Ah Facebook. You’ve turned mum into a serial over-sharer, the boss into a persistent poker, and Mark Zuckerberg keeps pimping your private deets from atop of his 18 carat Captain Kirk replica chair.
But still, you heart social media and all the lolz it brings. So what’s the alternative? Maybe, just maybe, it’s new Aussie start-up Family HQ.
Keeping it in the family
Family HQ is a private social network.

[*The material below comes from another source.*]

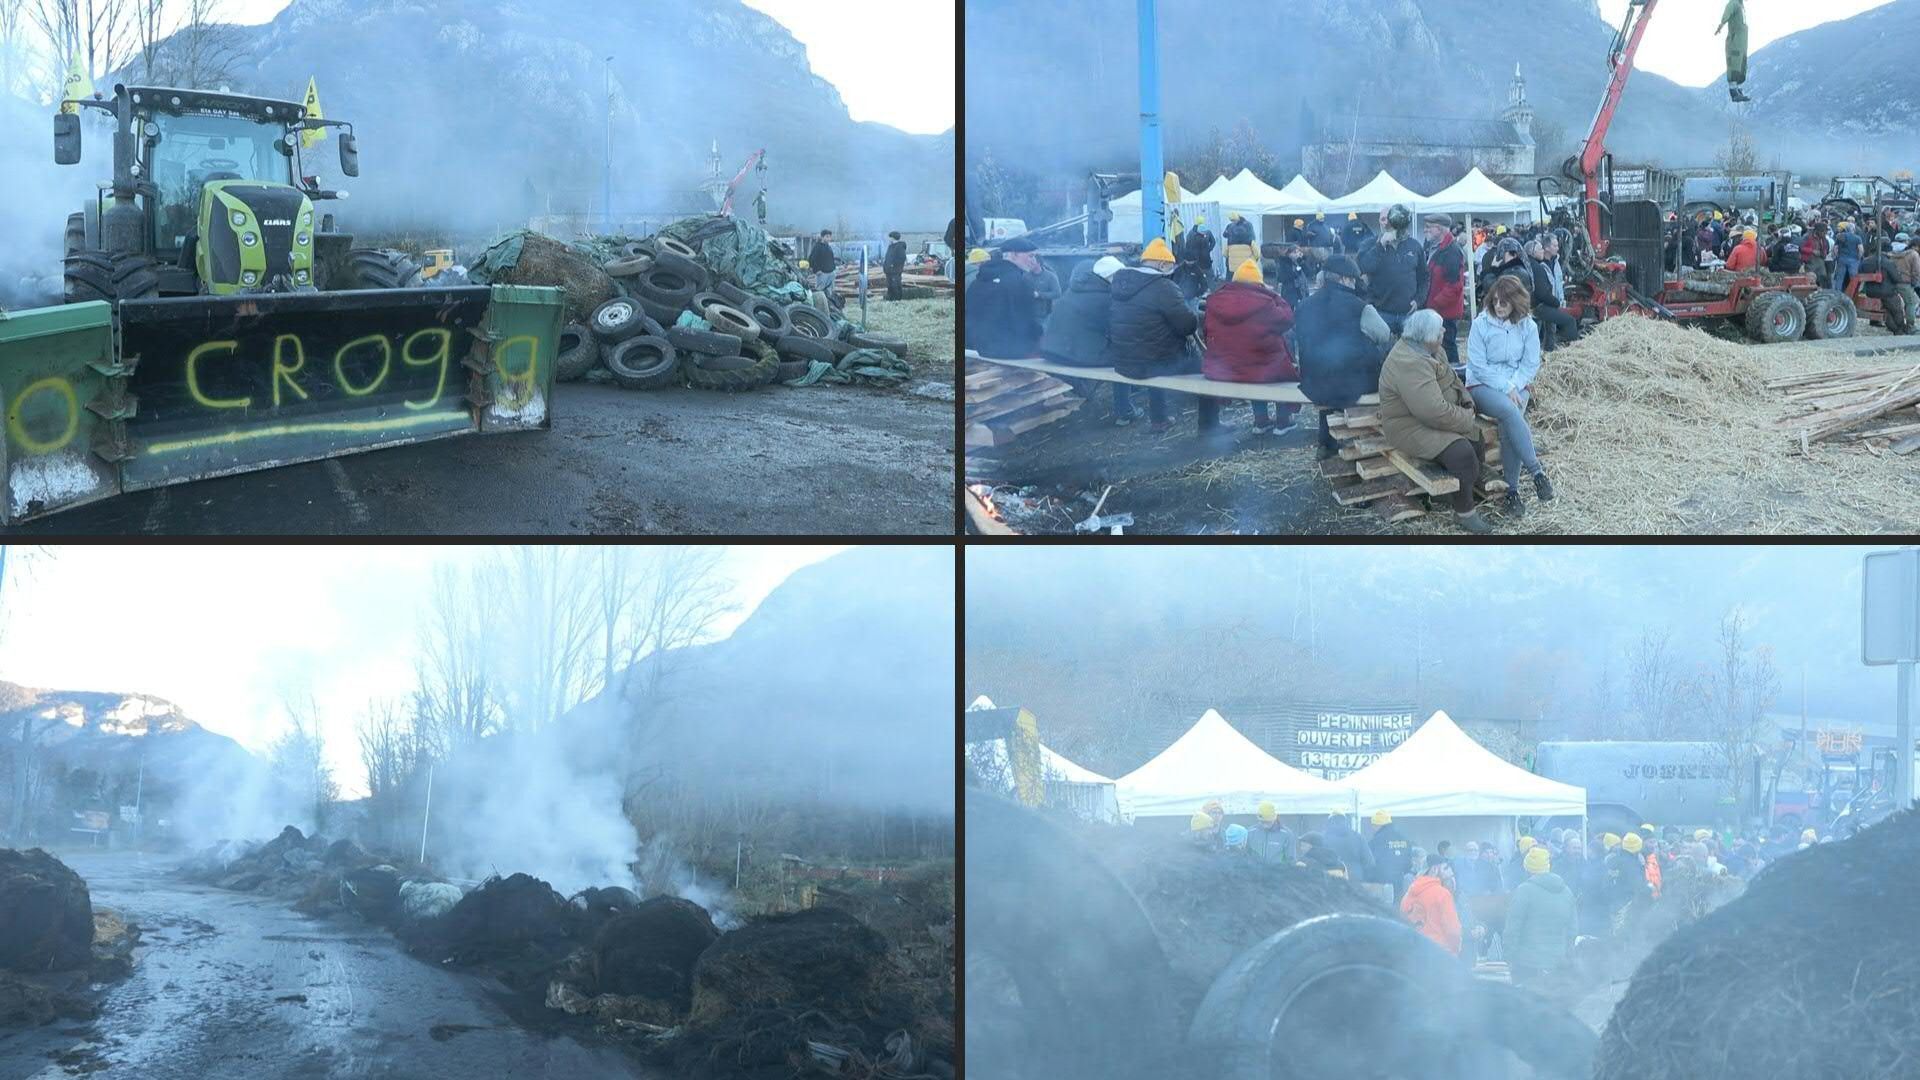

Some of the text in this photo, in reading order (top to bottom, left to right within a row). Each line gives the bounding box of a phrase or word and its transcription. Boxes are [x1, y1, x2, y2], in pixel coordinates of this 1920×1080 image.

With your personal information kept secret squirrel from strangers, you (and your mum) can communicate more openly.
In fact, Family HQ is so darn private nobody can search for you and the only way to connect is through invitation.
The brainchild of hubby and wife dynamic duo, Jase and Brooke Farmer, Family HQ takes the best bits of social networking, while keeping privacy and security front and centre.

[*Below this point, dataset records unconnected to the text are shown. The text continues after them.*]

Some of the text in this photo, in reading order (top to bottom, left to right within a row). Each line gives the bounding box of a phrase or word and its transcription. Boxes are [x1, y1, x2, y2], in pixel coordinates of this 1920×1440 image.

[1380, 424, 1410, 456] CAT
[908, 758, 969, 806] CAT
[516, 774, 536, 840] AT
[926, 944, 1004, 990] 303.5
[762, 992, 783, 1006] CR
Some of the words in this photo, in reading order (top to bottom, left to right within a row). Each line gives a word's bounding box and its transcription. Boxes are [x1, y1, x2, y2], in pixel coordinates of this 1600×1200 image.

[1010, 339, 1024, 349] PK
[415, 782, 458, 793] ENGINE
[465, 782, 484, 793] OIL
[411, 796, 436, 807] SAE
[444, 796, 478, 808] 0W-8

CEO Jase bills it as “Australia’s only site that enables the ability to create unlimited numbers of groups that remain private from each other, creating a solution for the complicated nature of how we communicate with people in our lives.”
“With the combination of privacy and the need for a communication tool that highlights this important feature, Family HQ leaves no ‘digital footprint’ of your information on the internet.”
“The site allows users to keep their identity, as well as who they are connected with, completely private as there is no search facility for strangers or other unwanted users to seek you out.”
And unlike other social networking behemoths, you won’t find Family HQ profiling its users for advertiser bucks.
“We do not sell any info to third parties or advertisers as we believe that it should be up to the advertiser to provide quality and engaging content for our users.”
“The advertisers that you will see on this site are family friendly, this is really important to us to maintain a family friendly environment.”
So how did Family HQ come about?
With large extended families on both sides of the tree the Farmers found, when they started their own family, they were reluctant to share information about their kids via public networks.
With a background in digital media, the couple set about creating their own site purely for people they wanted to access the information and view the photos.
When several friends asked them to replicate the idea, they realised they were on to something, and began to develop a commercial service with the online safety of children paramount.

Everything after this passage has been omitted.